Le rivolte sono state fortemente cittadine e borghesi, poco operaie o contadine. Sono stati piuttosto «moti dettati dalla frustrazione», come li ha definiti Olivier Roy, quelli ai quali abbiamo assistito. Ed il fattore decisivo è stato il sostegno dell'esercito, un appoggio così netto che ci si può chiedere se le "rivoluzioni popolari" non siano state anche dei colpi di Stato militari mascherati.
Non ci si devono nascondere neanche le profonde differenze di situazioni che continuano ad esistere nel mondo arabo. Il fatto più significativo è la scomparsa dei movimenti che si richiamavano ad un nazionalismo laico, alla maniera del socialismo nazionale di un Gamal Abdel Nasser o del baathismo siroiracheno. Negli anni Cinquanta e Sessanta, gli Stati Uniti, che erano preoccupati per le loro posizioni "filosovietiche", si sono impegnati a farli arretrare a profitto di movimenti islamisti considerati meno pericolosi. Il sostegno offerto agli estremisti islamici all'epoca dell'occupazione russa dell'Afghanistan, poi l'attiva promozione del salafismo e del wahabismo saudita da parte delle monarchie petrolifere del Golfo, infine l'eliminazione del regime laico di Saddam Hussein, hanno rappresentato le tappe principali di questa politica. Successivamente, in alcuni casi, gli islamisti si sono rivoltati contro i loro protettori, ma il nazionalismo laico non è riapparso.
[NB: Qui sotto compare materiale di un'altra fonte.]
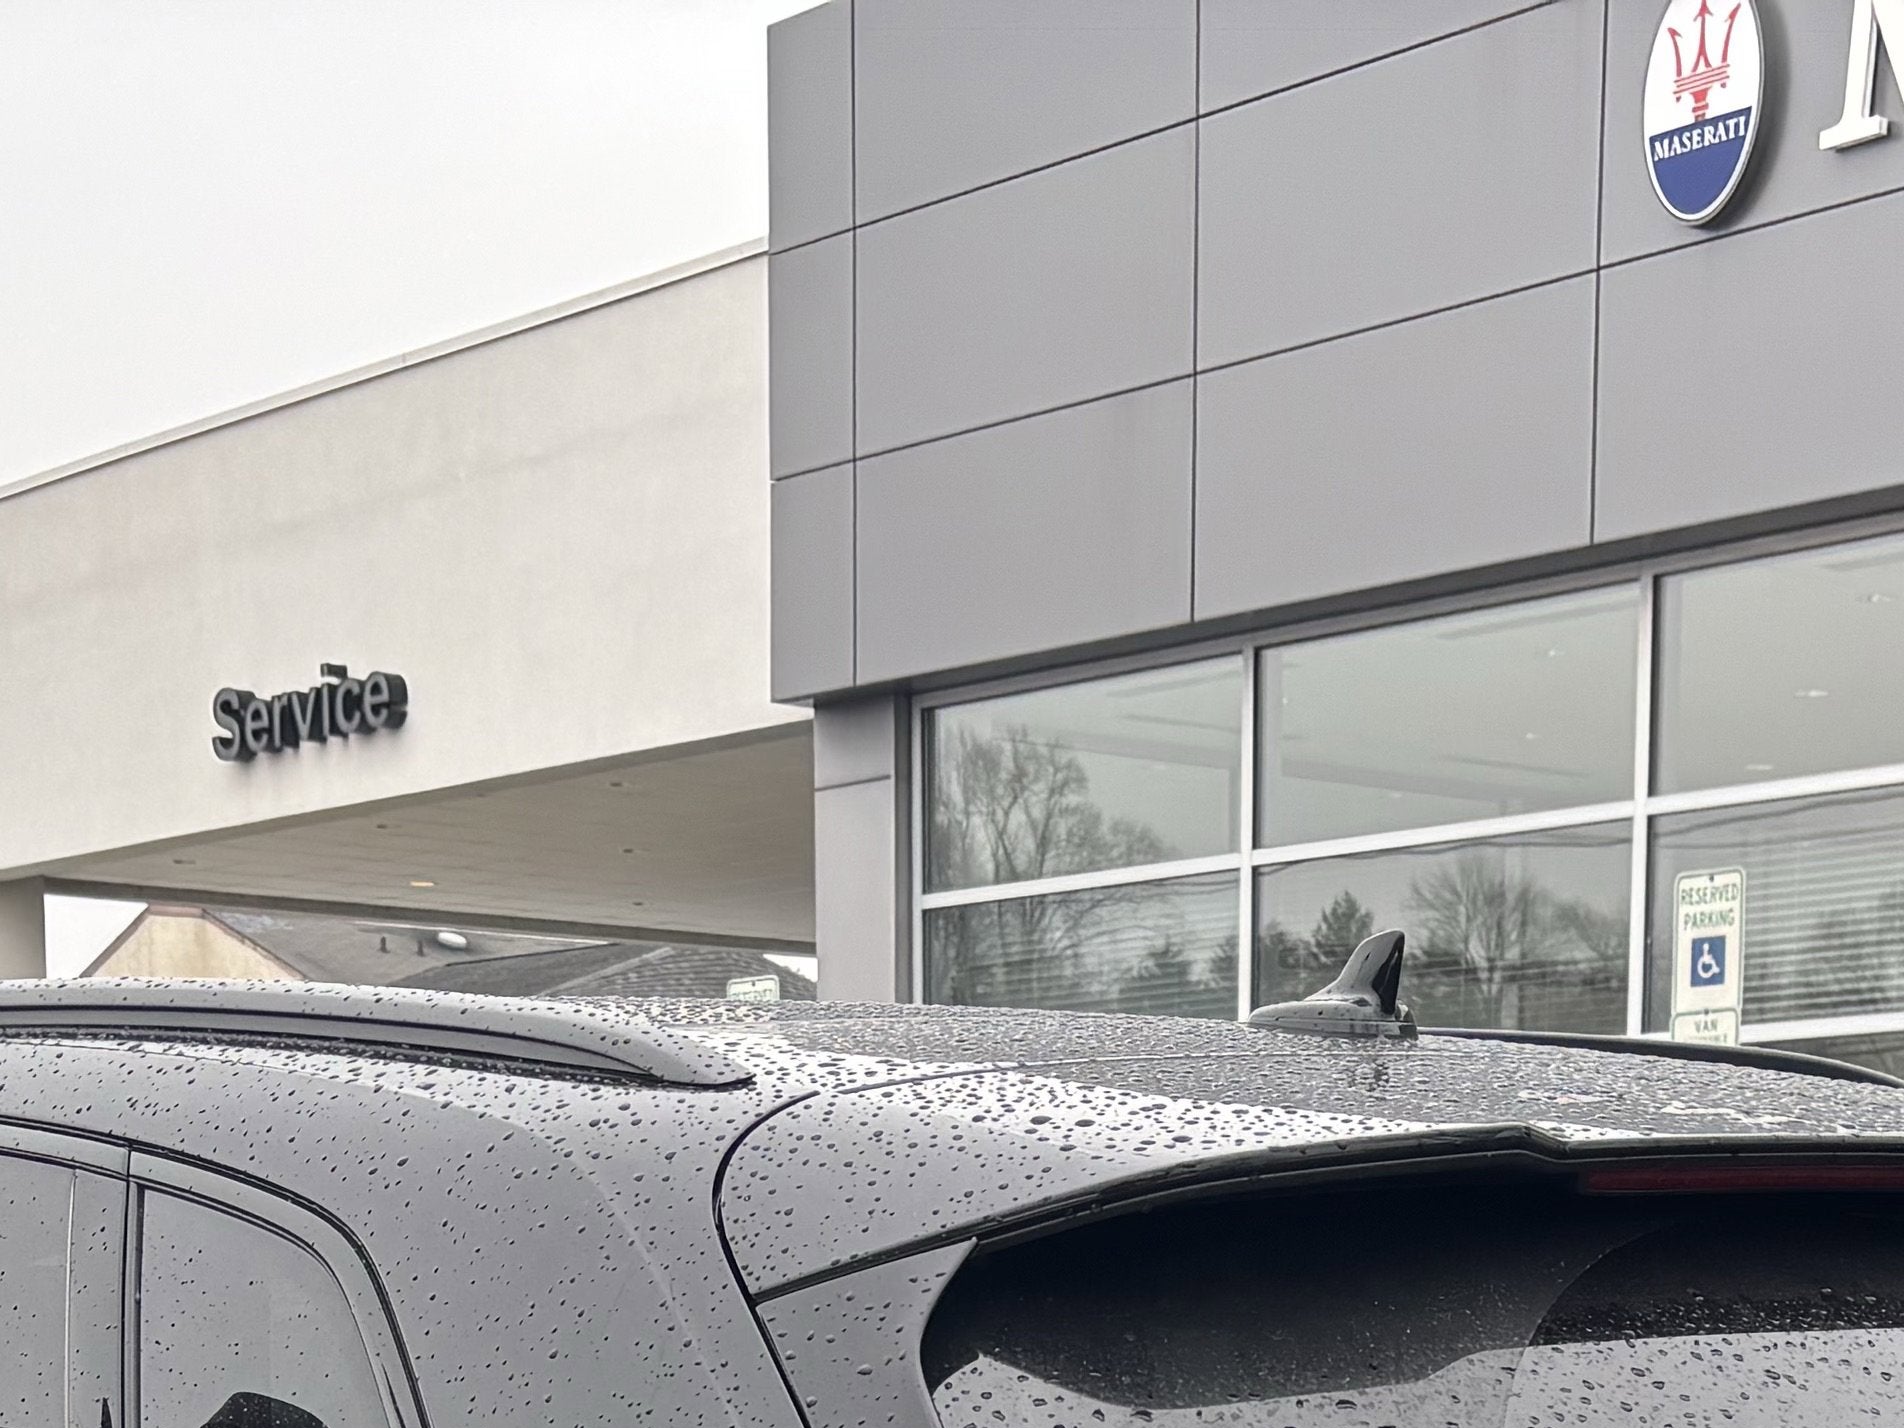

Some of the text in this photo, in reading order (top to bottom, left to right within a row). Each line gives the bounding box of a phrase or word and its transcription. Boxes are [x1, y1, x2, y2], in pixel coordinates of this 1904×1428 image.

[1654, 115, 1746, 162] MASERATI
[211, 662, 408, 762] Service
[1680, 882, 1740, 905] RESERVED
[1683, 908, 1735, 931] PARKING
[1694, 1018, 1718, 1034] VAN
Neanche il vecchio islamismo, tuttavia, ottiene grandi consensi. D'altro canto, contrariamente a quanto taluni predicevano, gli islamisti non sono stati alla testa del movimento della scorsa primavera. Certo, nelle società arabe l'affermazione identitaria rimane profondamente legata alla pratica religiosa ed alla dimensione sociale dell'islam. Ma queste fanno ormai riferimento ad un islam differente. Un islam liberato sia dal vocabolario allucinato della speranza escatologica del jihadismo, sia dal letteralismo wahabita. La nuova generazione non vuole tanto un islam politico, quanto piuttosto una islamizzazione conservatrice della società. Resta fermamente musulmana ma ha anche constatato l'insuccesso del neofondamentalismo, tanto in Arabia Saudita quanto in Iran. Da tempo ormai Bin Laden non, è più un modello e gli stessi Fratelli musulmani, in Egitto, sono dei conservatori-liberali, adepti di valori conservatori e di un "islam di mercato".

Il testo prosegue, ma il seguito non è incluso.